At the time, Mathis recalled walking into a ghost school that was only a shadow of what it had been. At peak, Mathis recalled the school having almost 2,200 students. But the day Mathis walked back through the doors, there were just 12 students and 12 employees left.
“It was like a baby and a battleship,” Mathis said. “I mean there was nobody around. I thought, ‘This is crazy. I’ve never had anything that small.’”
Mathis spent millions on marketing, changing the school’s story around from near catastrophe to new success. Within two years, the school had returned to profitability, and the state loan was well on its way to being completely paid off.
Growth Spurt
WyoTech’s latest expansion isn’t the end of the school’s growth spurt, Morris told Cowboy State Daily.
“Our goal is definitely to continue expanding, to continue growing,” he said. “Our vision at WyoTech is just three simple things. Best training, best experience, best outcomes. And so long as we can maintain those things and the demand is out there, we want to grow to fill that demand and provide good training and good costumes for these students.”
WyoTech already has plenty of growing room, Morris added.
“The location where this building is being designed is on 70 acres that’s directly across from our current training facilities,” he said. “So we’ve got a master plan that continues that growth and expansion. We’ll need some housing over there eventually, to continue expanding out our current programs.”
WyoTech has already gained national prominence and brings in many students from across America.
“Only 7% of our students are coming from the state of Wyoming,” Morris said. “So we plan to continue that reach.”
Ashley Chitwood, marketing director at WyoTech, said the school’s overall vision is to be America’s destination trade school in Laramie, Wyoming.
“We’re telling America that this is the new form of education,” she said. “It’s quick training, it’s focused training. And we’re offering student life. We have housing so that we can still offer a form of a college experience in a way that’s financially responsible to those who are attending our program.”
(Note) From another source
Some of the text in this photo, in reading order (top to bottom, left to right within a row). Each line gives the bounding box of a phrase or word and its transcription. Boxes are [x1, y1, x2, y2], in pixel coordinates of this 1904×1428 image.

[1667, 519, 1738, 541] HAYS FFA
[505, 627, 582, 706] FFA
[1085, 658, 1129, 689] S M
The employer partnerships at WyoTech, likewise, come from all over the United States and include some of the best that industry has to offer. It includes companies like Halliburton, Penske, Toyota, Duncan Aviation, and many others.
These are companies that don’t think twice about landing a private jet that can fly WyoTech students back for a day trip to tour their companies, before flying them back home the same day in time for dinner that night.
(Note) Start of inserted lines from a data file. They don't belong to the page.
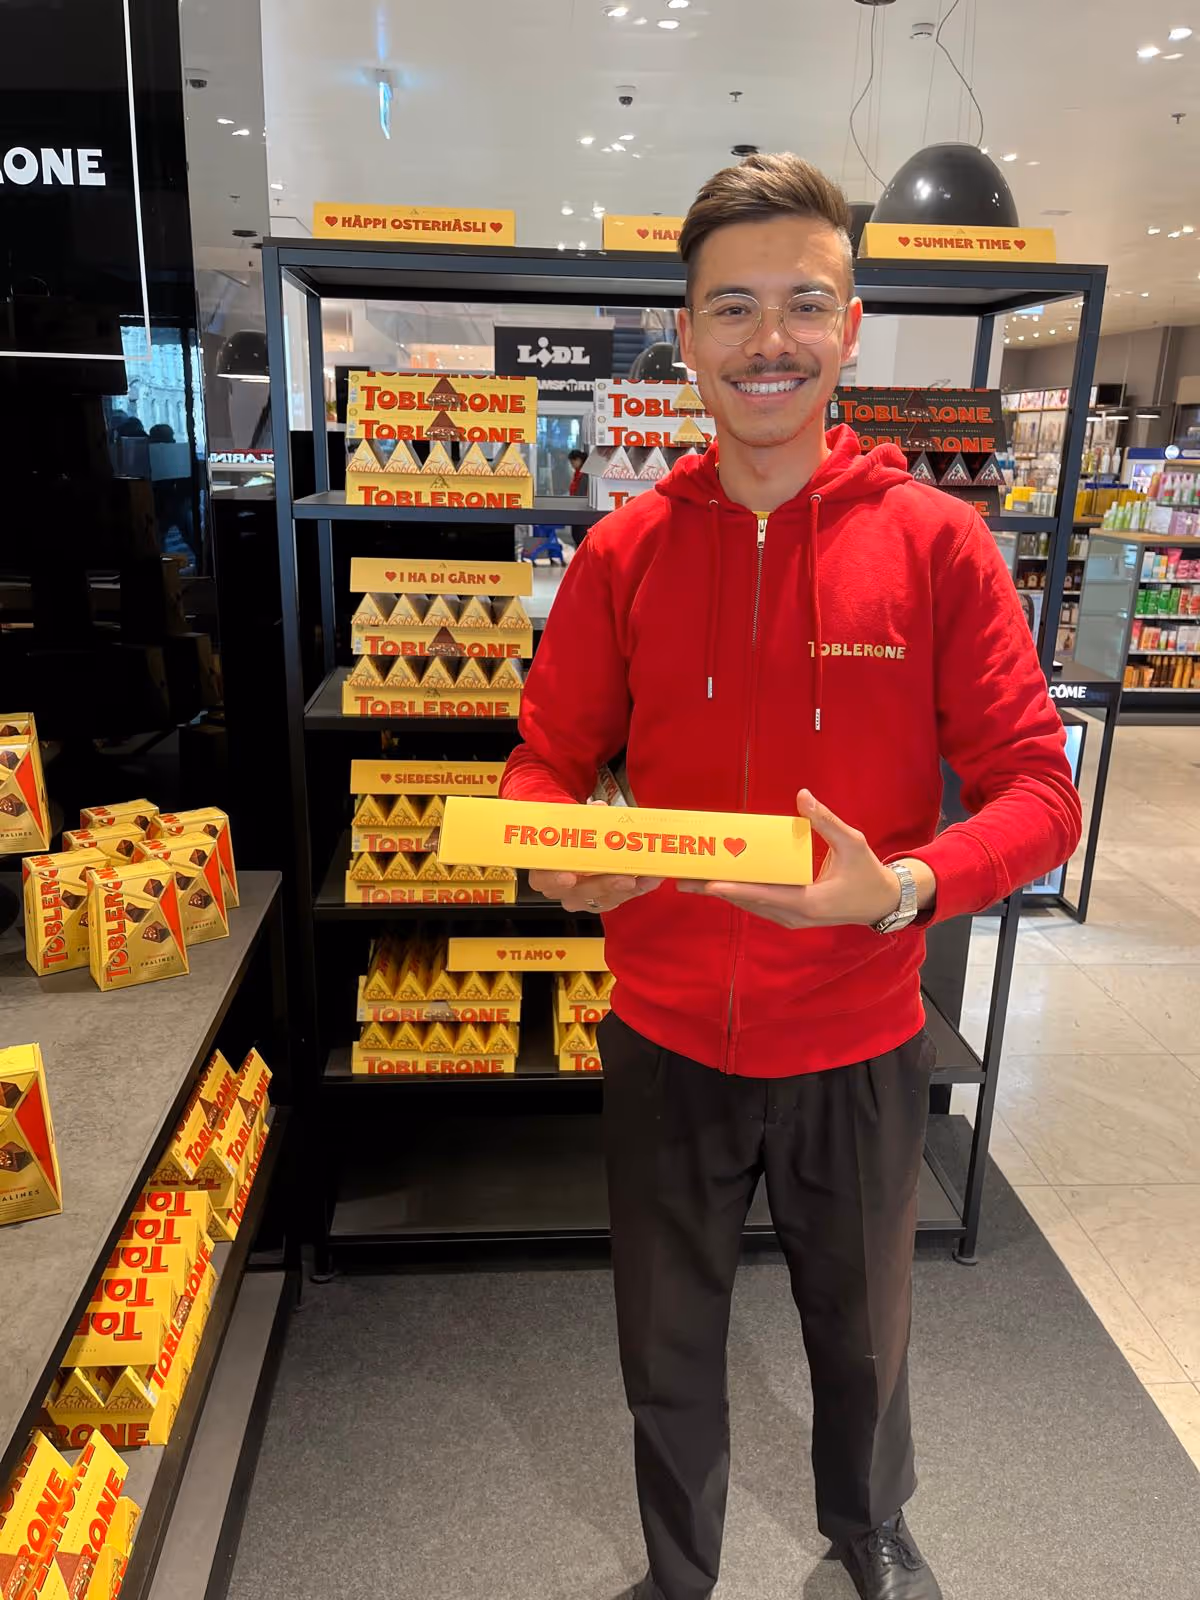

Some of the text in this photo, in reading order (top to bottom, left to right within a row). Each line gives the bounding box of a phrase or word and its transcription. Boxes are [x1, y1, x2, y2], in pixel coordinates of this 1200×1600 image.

[390, 218, 486, 233] OSTERHÄSLI
[913, 236, 1012, 250] SUMMER TIME
[358, 485, 522, 509] TOBLERONE
[400, 571, 486, 584] I HA DI GÄRN
[807, 641, 906, 660] TOBLERONE
[354, 696, 511, 718] TOBLERONE
[503, 824, 716, 856] FROHE OSTERN
[510, 950, 553, 961] TI AMO
The companies have also donated substantial amounts of equipment back to WyoTech, to help develop the hands-on trade programs. In fact, some companies have even built entire programs around sponsoring children of their employees to attend WyoTech.
All of that’s helping to build a nationally prominent resource in Wyoming that’s still on a big growth curve. One that can also help play a role in developing a young workforce that in some cases may choose to stay in the Cowboy State.
“We want to position ourselves as America’s destination trade school, and we want WyoTech to be, we want people to see Laramie, Wyoming, and WyoTech, as the next wave of how education should go in this country,” she said. “And that’s what we’re going to keep working toward is that vision of being the best.”